THE TASK |
Because the copy must hold no pictures, return the data below with all of its words intact.

RECORDS FOR PROCESSING |
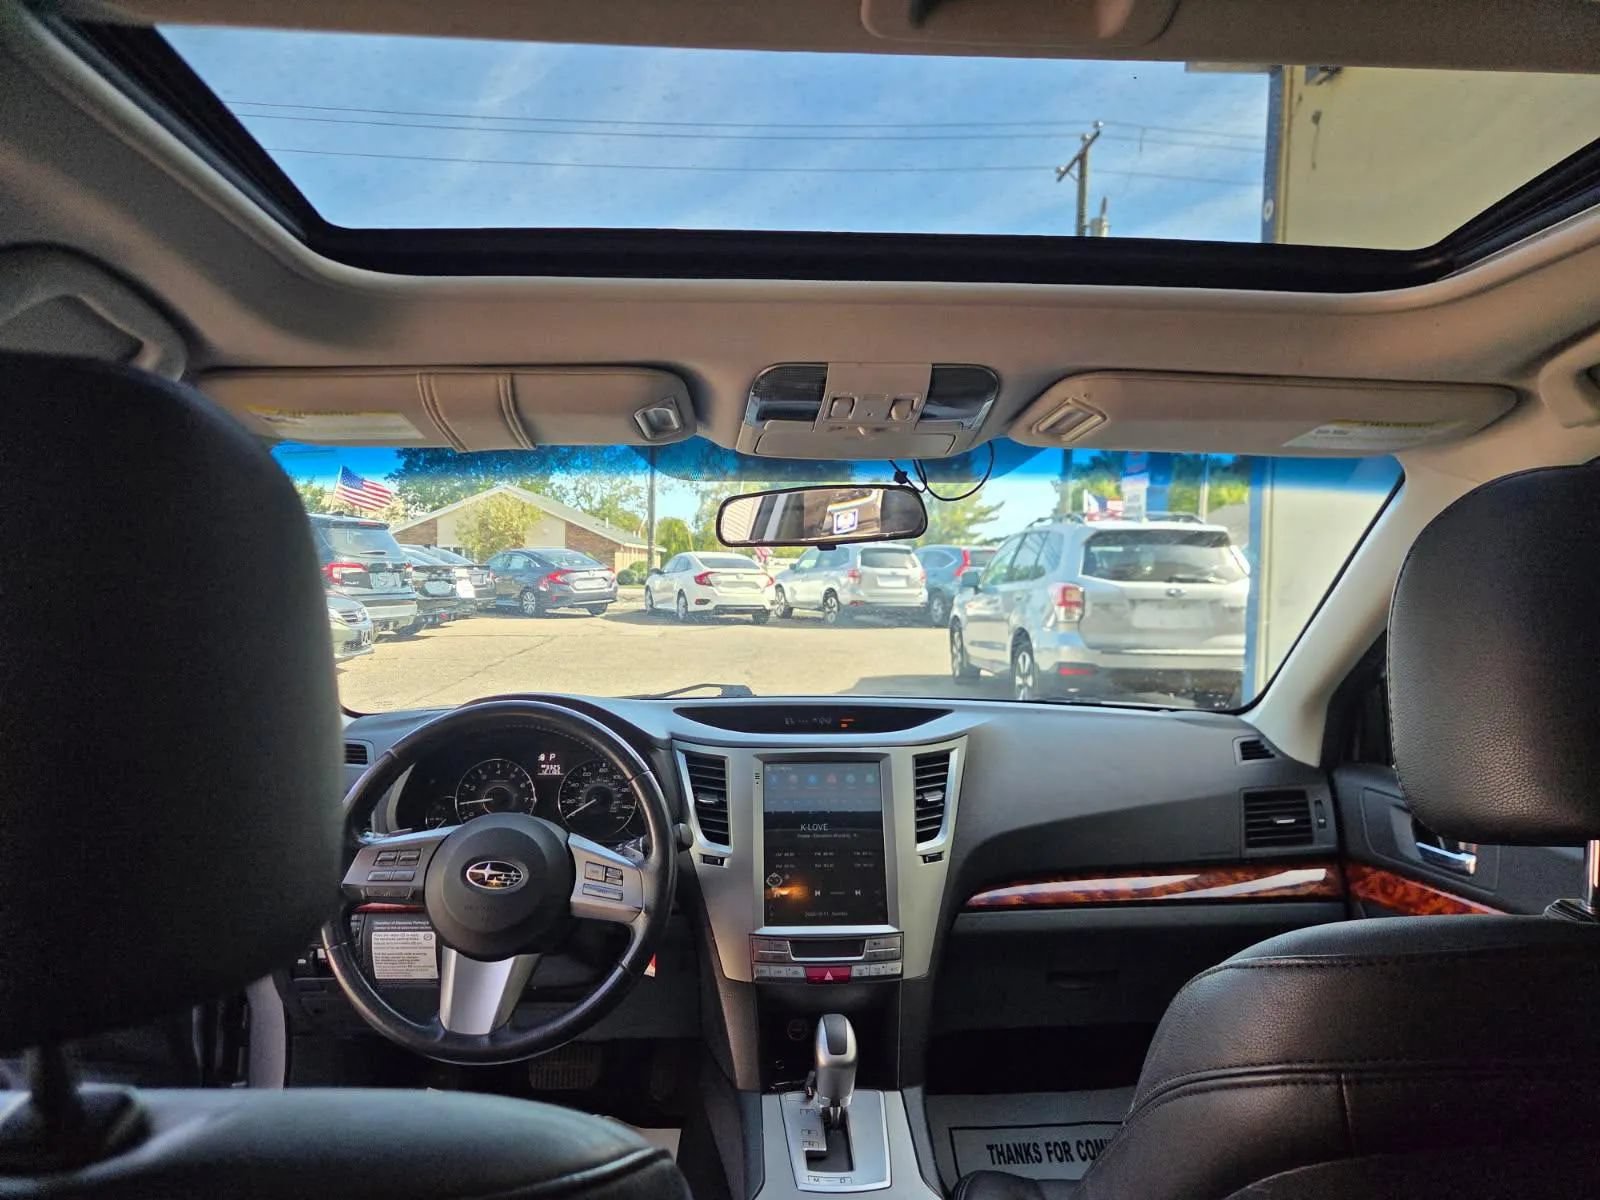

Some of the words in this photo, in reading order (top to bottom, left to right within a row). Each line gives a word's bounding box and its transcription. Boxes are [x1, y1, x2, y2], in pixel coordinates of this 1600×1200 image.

[800, 823, 829, 832] K-LOVE
[986, 1143, 1043, 1166] THANKS
[1045, 1140, 1076, 1164] FOR
[1078, 1138, 1113, 1162] COM
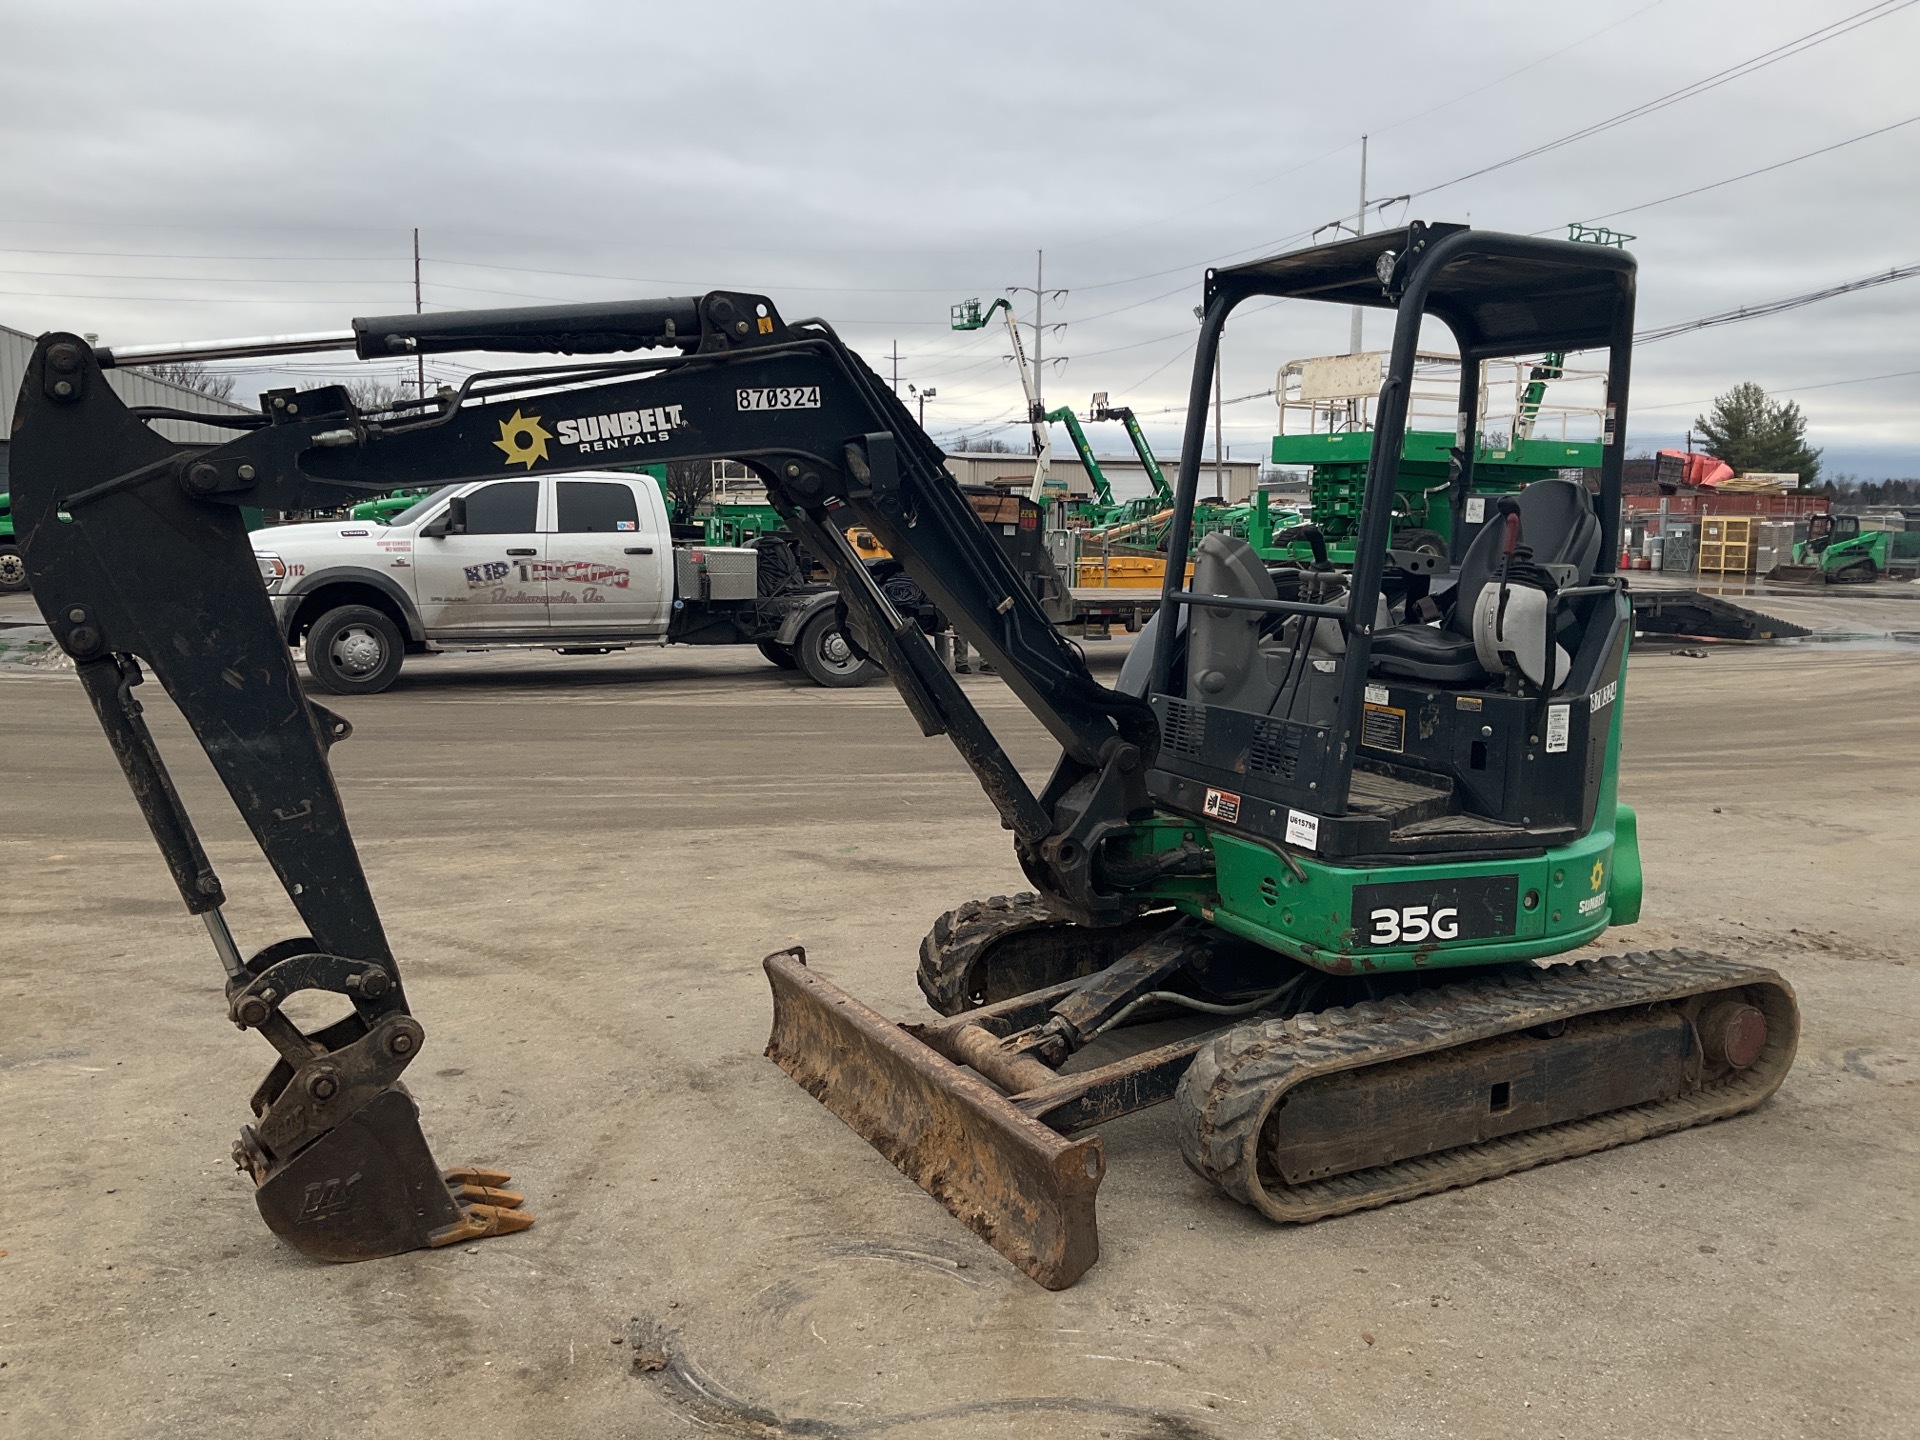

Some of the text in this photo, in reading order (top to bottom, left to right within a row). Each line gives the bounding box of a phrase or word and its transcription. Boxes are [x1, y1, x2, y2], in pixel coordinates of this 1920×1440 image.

WRITTEN REPLY |
Some of the words in this photo, in reading order (top to bottom, left to right within a row). Each line gives a word's bounding box and its transcription. Boxes are [x1, y1, x2, y2], in pixel coordinates of this 1600×1200 image.

[800, 823, 829, 832] K-LOVE
[986, 1143, 1043, 1166] THANKS
[1045, 1140, 1076, 1164] FOR
[1078, 1138, 1113, 1162] COM

Some of the text in this photo, in reading order (top to bottom, left to right within a row). Each line gives the bounding box of a phrase or word and its transcription. Boxes are [x1, y1, x2, y2], in pixel coordinates of this 1920×1440 image.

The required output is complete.